[Your instructions]
Copy every record below exactly, leaving out any pictures.

[Records for processing]
<<<<

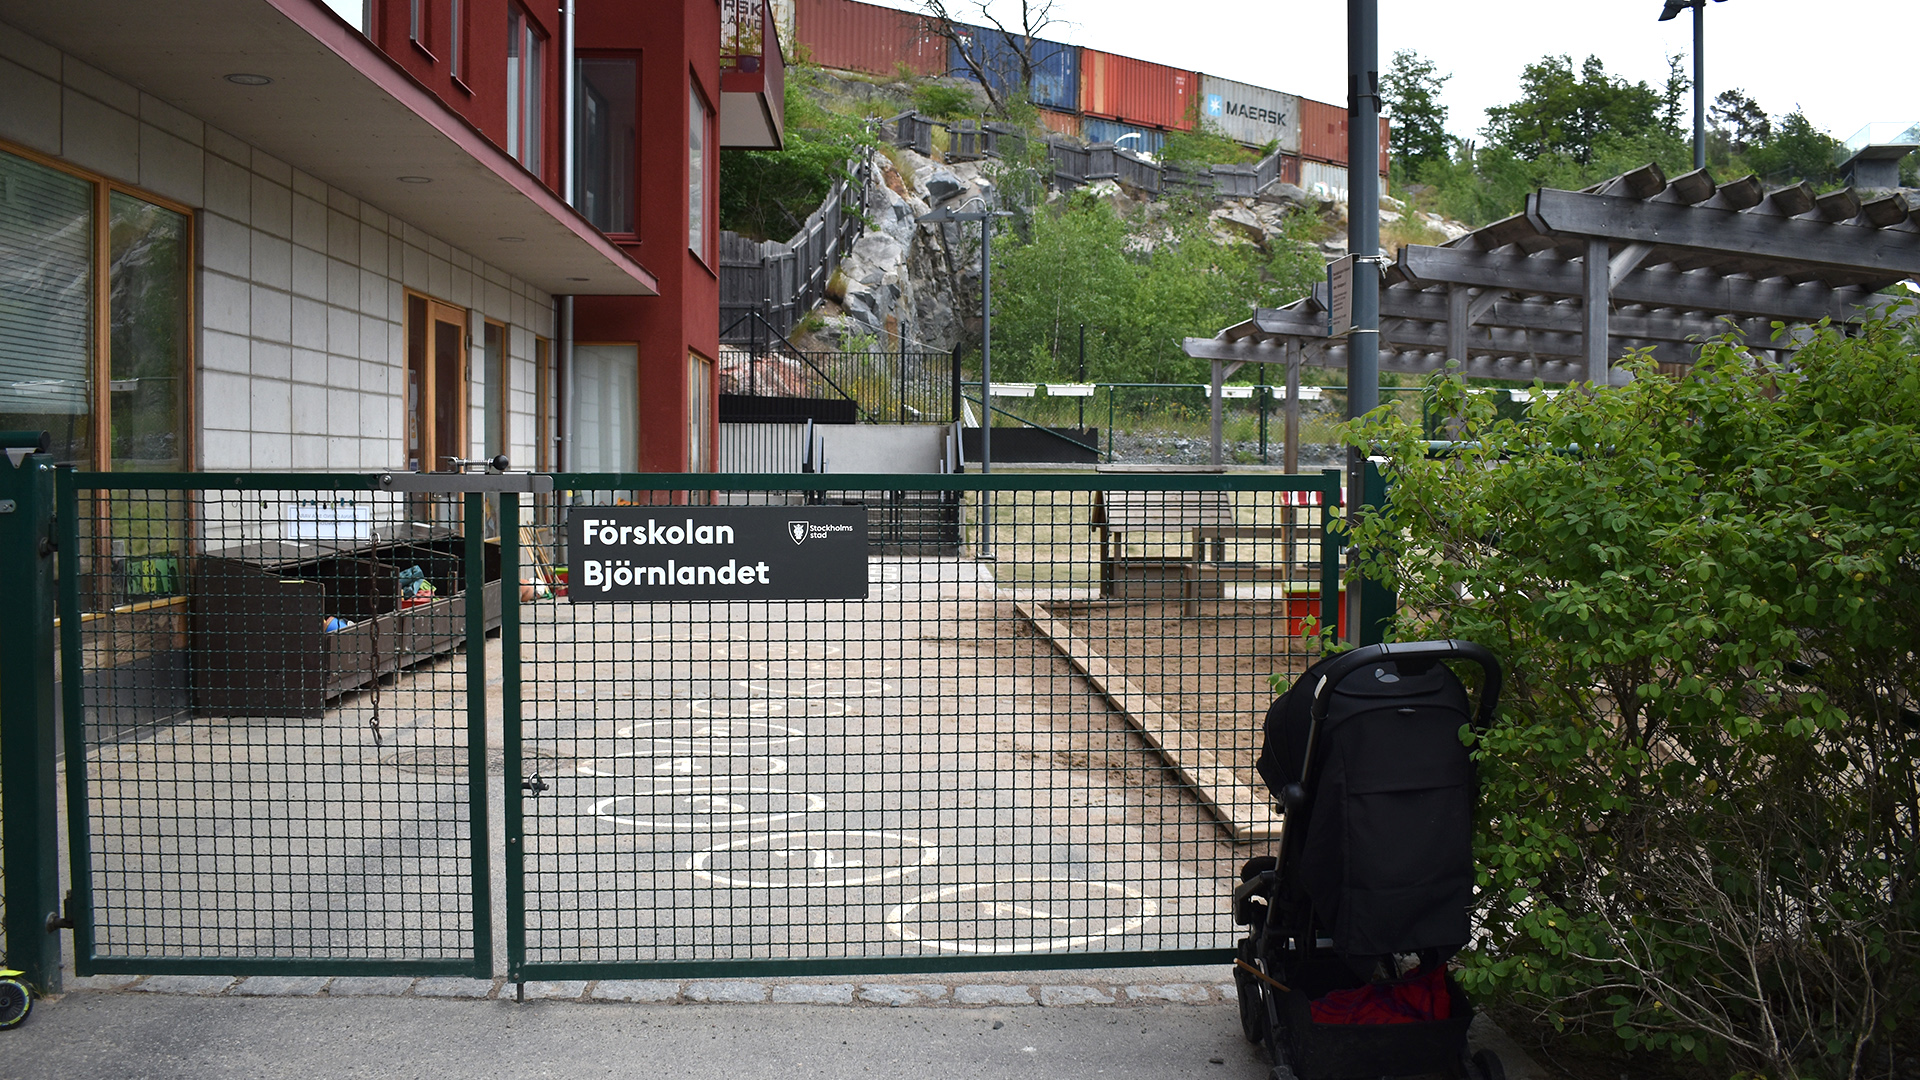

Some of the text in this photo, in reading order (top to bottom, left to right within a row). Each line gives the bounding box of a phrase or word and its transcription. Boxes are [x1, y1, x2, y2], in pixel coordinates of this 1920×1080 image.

[1226, 101, 1287, 126] MAERSK
[583, 518, 734, 546] Förskolan
[809, 524, 853, 532] Stockholms
[810, 531, 827, 539] stad
[583, 559, 770, 592] Björnlandet
[654, 757, 702, 773] 4

>>>>

[Output of the exercise]
Some of the text in this photo, in reading order (top to bottom, left to right within a row). Each line gives the bounding box of a phrase or word and its transcription. Boxes are [x1, y1, x2, y2], in pixel coordinates of this 1920×1080 image.

[1226, 101, 1287, 126] MAERSK
[583, 518, 734, 546] Förskolan
[809, 524, 853, 532] Stockholms
[810, 531, 827, 539] stad
[583, 559, 770, 592] Björnlandet
[654, 757, 702, 773] 4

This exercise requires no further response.